このタイトルを見た時点で内容の予想がつく人もいるかと思います。そしておそらくその予想は合っています。私たちは動物を食べている。動物を食べるということは、その動物のいのちを奪っているということ。私たちのために、動物はしんでくれている。だから私たちはその分も生きていかなくてはいけない。そういう物語です。

この本の中では、「しんでくれた ぼくのために」「ありがとう うし」「ぼくはしんでやれない」など、さまざまなセリフが登場します。
たしかにそうです。私たちはほかのいのちをいただきながら生きています。でも、多くの人はそのことに対して無自覚でしょう。だからこそ、そのいのちに向き合い、しんでくれた動物たちに感謝し、その分も生きていく。大切なことだと思います。単純に読むと、そんなことを教えてくれる本です。

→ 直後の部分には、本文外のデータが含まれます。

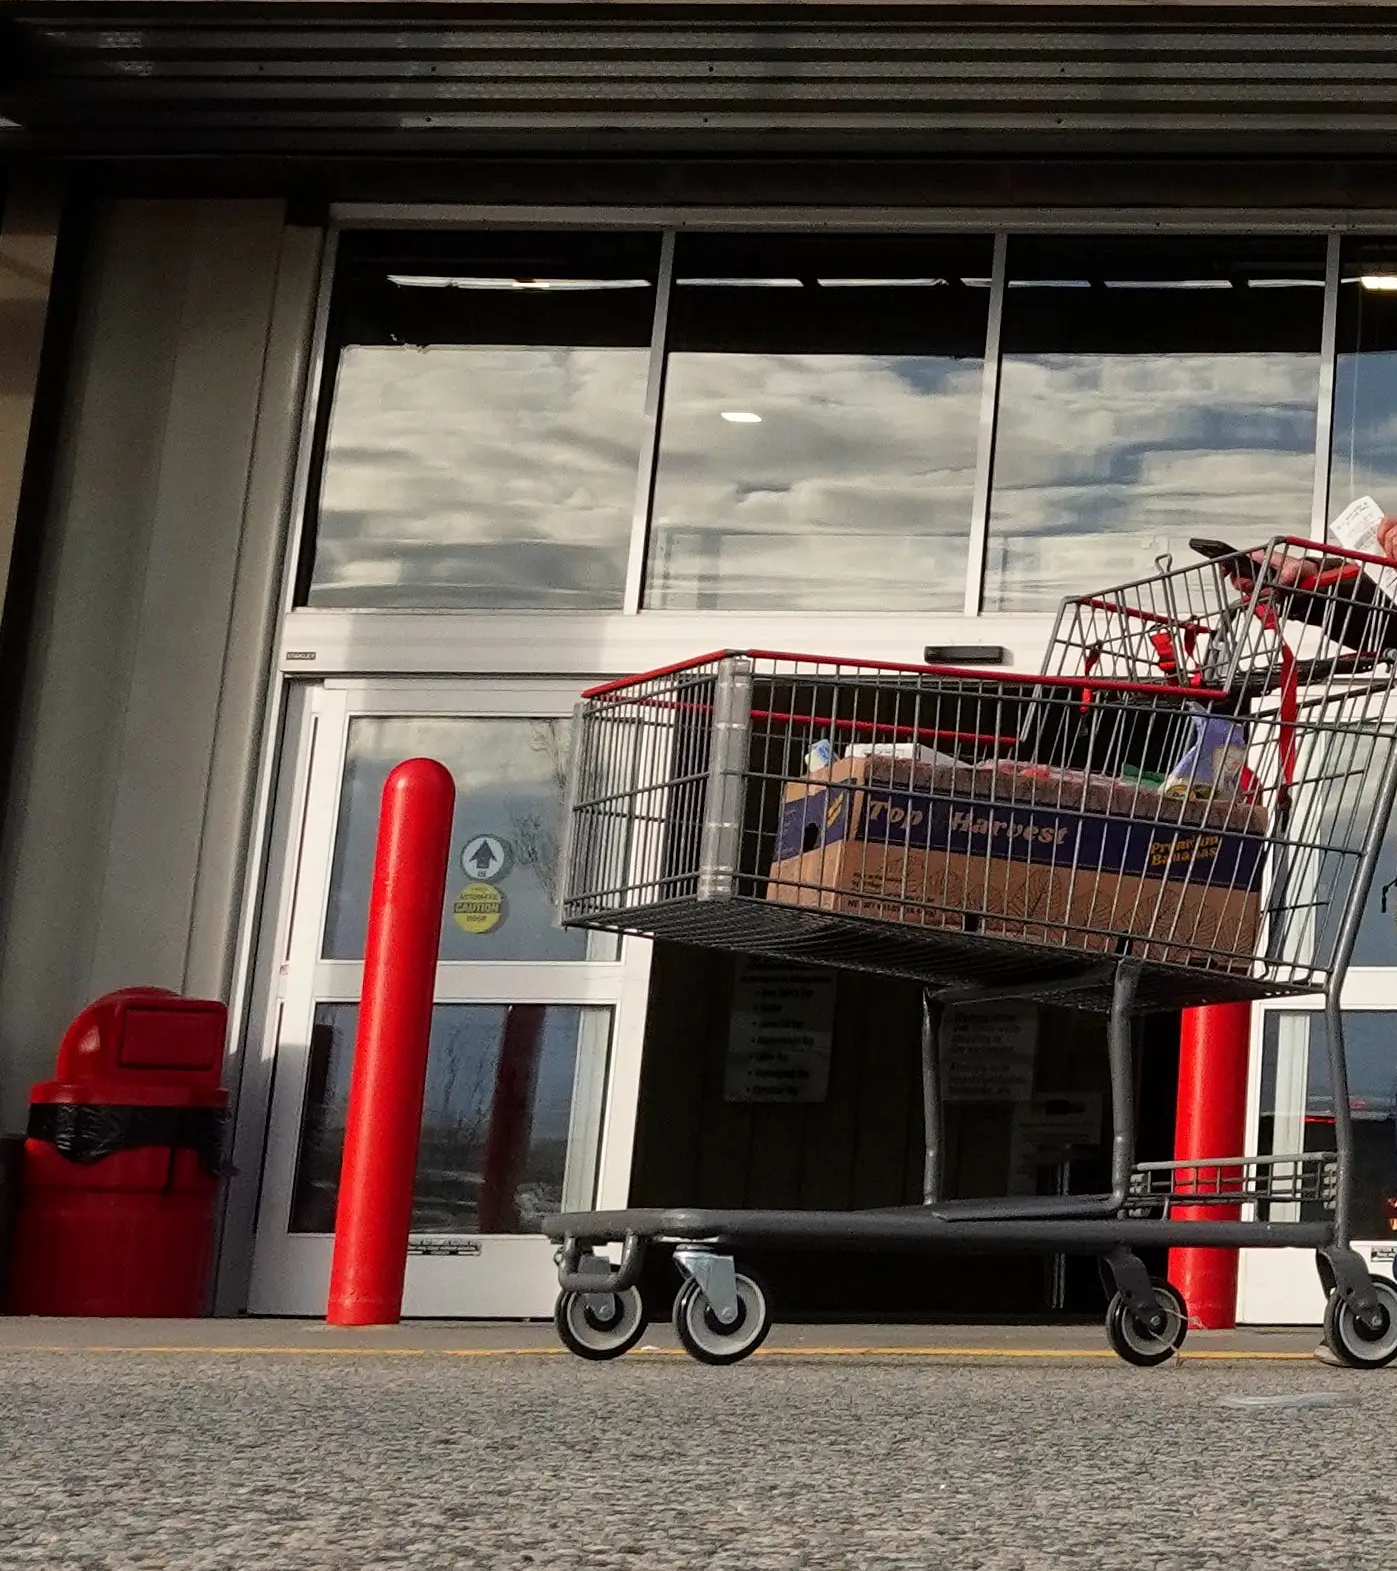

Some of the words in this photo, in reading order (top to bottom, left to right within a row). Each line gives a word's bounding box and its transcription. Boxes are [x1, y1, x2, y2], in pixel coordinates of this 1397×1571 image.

ですが、本当にそうでしょうか。「しんでくれた ぼくのために」、本当にそうなのでしょうか。牛にそのつもりはあったのでしょうか。「この子のためにしんであげよう」、そんな風に牛が考えていたのでしょうか。牛の気持ちはわからないのであくまでも想像になりますが、普通に考えて、牛はそんな風に思わないと思います。できることなら、痛い思いも苦しい思いもせず、毎日たのしく生きて、しんでいきたかったと思います。
だからこの「しんでくれた ぼくのために」という言葉は、非常に身勝手で、人間中心主義的な言葉だとも言えます。「しんでくれた」という表現の主語は人間です。まったく牛の立場になっていません。そういう視点で読むと、なんだか主人公の子どもがこわく見えてきます。そして、子どもがこわい前提で本を読み直すと、すべての台詞がこわいものに見えてきます。
その身勝手さは、「ぼくはしんでやれない」という台詞にも表れています。この本の中では、「ぼくはしんでやれない」の理由の一つについて、「家族がかなしむから」という風に描かれています。牛の家族はかなしまないとでも思っているのでしょうか。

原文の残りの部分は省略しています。